Print every entry again exactly, with no pictures.

>>>>

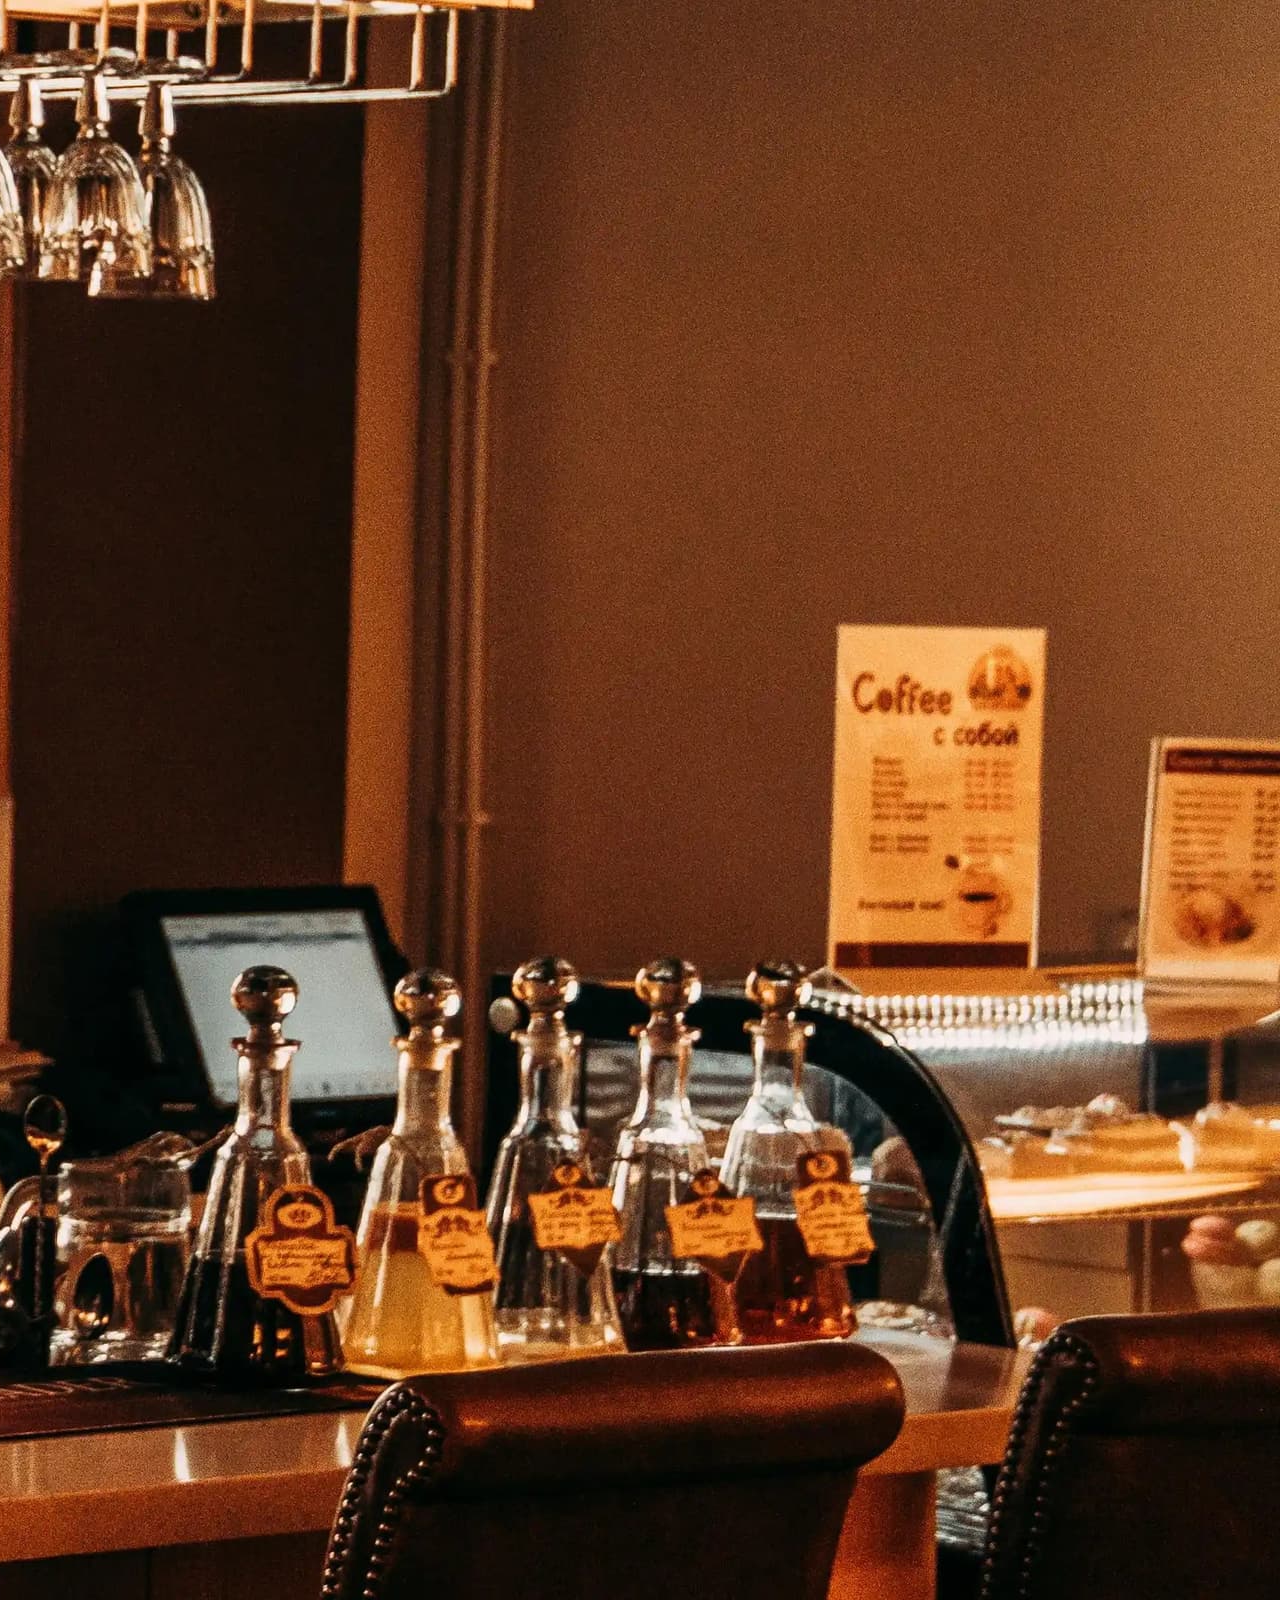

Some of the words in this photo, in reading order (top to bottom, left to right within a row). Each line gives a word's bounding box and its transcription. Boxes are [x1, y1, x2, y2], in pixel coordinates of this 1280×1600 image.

[852, 670, 953, 716] Coffee
[933, 727, 945, 746] с
[953, 720, 1020, 747] собой
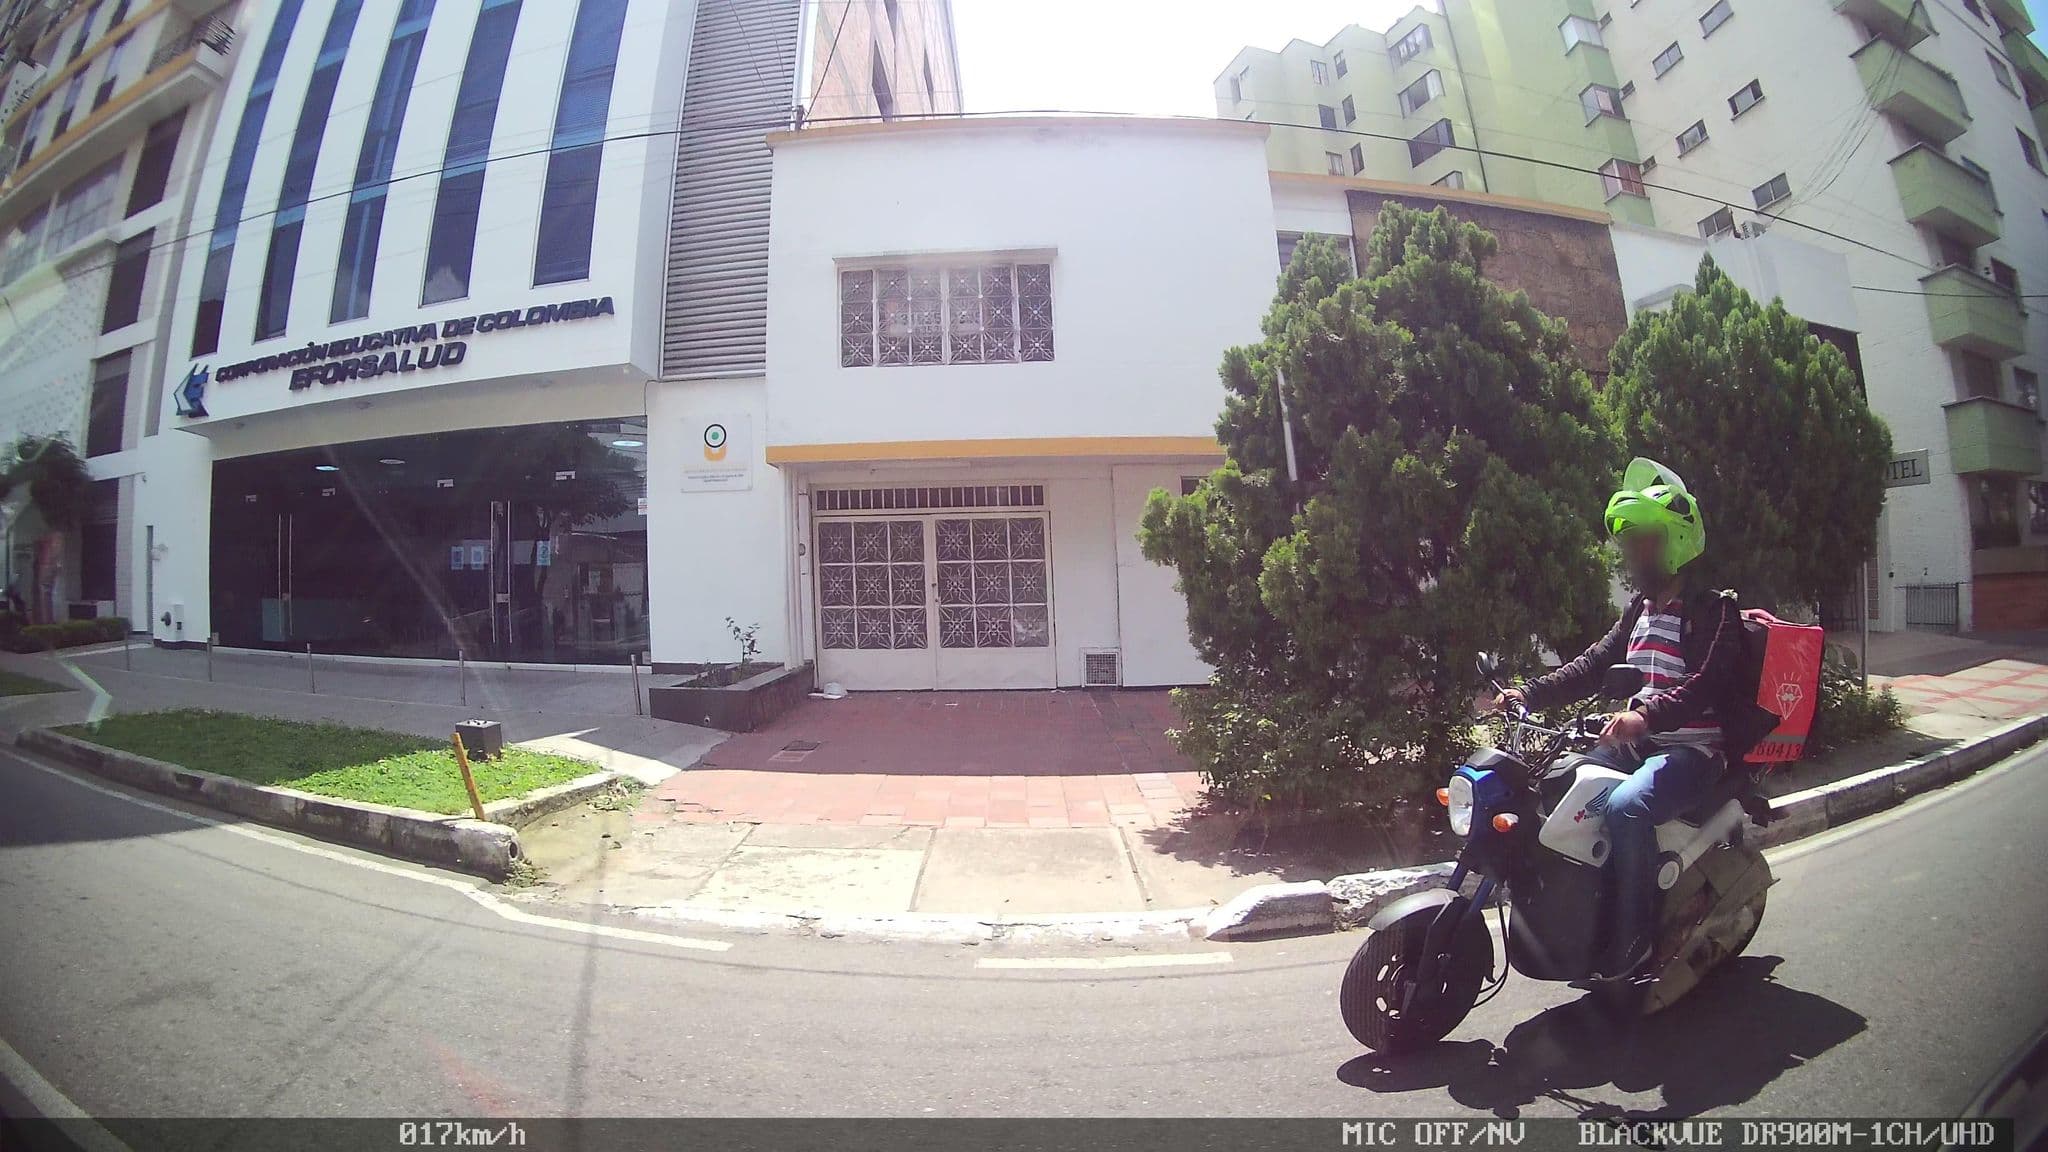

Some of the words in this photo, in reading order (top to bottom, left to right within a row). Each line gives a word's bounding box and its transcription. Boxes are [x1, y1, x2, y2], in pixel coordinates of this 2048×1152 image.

<<<<

**ANSWER SECTION**.
Some of the words in this photo, in reading order (top to bottom, left to right within a row). Each line gives a word's bounding box and its transcription. Boxes are [x1, y1, x2, y2], in pixel coordinates of this 1280×1600 image.

[852, 670, 953, 716] Coffee
[933, 727, 945, 746] с
[953, 720, 1020, 747] собой

Some of the words in this photo, in reading order (top to bottom, left to right within a row). Each line gives a word's bounding box and its transcription. Boxes are [x1, y1, x2, y2], in pixel coordinates of this 2048×1152 image.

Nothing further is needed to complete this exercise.